Role of melatonin and the nitric oxide donor ISMN in a model of brain ischemic-hypobaric hypoxia

Nitric oxide (NO) is a versatile diffusible signaling molecule with physiological actions involved in neuromodulation, immune response, and vasodilatation. In addition, NO appears to be key in brain hypoxic or ischemic injury. Many studies have demonstrated a neuroprotective effect for melatonin based on its antioxidant activity. In this fashion, we have optimized an experimental model of ischemia followed by a hypobaric hypoxia (I + HH) period associated to co-administration of NO donor isosorbide mononitrate (ISMN) and melatonin, in order to study: (1) the localization and activity of iNOS and eNOS, and protein nitration in the brain of rats submitted to the above mentioned model after two reoxygenation periods (0 and 2 h) and (2) the effect of the administration of both drugs in the brain of rats submitted to this hypoxic model after the same reoxygenation periods.
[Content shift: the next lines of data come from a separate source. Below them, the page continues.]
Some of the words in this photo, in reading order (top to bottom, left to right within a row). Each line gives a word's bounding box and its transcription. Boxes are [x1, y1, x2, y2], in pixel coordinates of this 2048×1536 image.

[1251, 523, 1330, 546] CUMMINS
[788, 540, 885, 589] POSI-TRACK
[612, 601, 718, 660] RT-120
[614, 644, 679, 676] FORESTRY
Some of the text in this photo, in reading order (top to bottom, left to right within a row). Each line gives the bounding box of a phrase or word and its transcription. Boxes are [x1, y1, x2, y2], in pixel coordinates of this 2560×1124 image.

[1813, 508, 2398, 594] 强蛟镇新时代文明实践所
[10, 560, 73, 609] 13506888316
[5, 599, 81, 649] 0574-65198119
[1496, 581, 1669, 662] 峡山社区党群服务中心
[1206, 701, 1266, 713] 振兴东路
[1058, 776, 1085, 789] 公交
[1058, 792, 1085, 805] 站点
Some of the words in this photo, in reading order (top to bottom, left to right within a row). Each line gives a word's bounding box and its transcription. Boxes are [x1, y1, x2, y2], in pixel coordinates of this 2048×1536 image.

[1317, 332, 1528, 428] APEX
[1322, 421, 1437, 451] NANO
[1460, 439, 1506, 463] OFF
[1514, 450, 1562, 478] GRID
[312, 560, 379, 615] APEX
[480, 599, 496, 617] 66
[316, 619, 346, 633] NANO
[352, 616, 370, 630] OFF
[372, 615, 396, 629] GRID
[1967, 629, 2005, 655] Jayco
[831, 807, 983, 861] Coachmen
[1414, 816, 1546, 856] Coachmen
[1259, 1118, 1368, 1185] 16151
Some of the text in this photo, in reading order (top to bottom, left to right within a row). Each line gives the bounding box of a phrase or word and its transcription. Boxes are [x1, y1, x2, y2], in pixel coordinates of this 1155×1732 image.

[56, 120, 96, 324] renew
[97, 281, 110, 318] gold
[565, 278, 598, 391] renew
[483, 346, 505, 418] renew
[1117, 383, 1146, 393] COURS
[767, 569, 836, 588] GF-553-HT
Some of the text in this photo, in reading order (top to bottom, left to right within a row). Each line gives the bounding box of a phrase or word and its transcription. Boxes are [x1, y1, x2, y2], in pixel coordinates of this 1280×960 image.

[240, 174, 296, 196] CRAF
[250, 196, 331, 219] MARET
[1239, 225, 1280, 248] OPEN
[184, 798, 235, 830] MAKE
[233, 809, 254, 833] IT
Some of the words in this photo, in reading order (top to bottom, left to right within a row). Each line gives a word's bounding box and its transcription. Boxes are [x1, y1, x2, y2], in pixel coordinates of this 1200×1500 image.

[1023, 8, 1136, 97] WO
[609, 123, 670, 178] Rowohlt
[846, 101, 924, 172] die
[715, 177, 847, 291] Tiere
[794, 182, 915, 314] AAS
Our results show that the co-administration of ISMN and melatonin induces an increase of eNOS vascular localization after ischemia-hypoxia while it does not influence iNOS in situ expression. Regarding NO activity measured as NADPH-diaphorase histochemistry, it is remarkable that at the 0 h point, no signal was detected. On the other hand, protein nitration-related damage in both reoxygenation times is decreased when both drugs are supplied. In summary, ISMN and melatonin co-administration induces the main changes observed in the parameters analyzed after ischemia-hypoxia. Supported by MICINN (SAF2008-03938).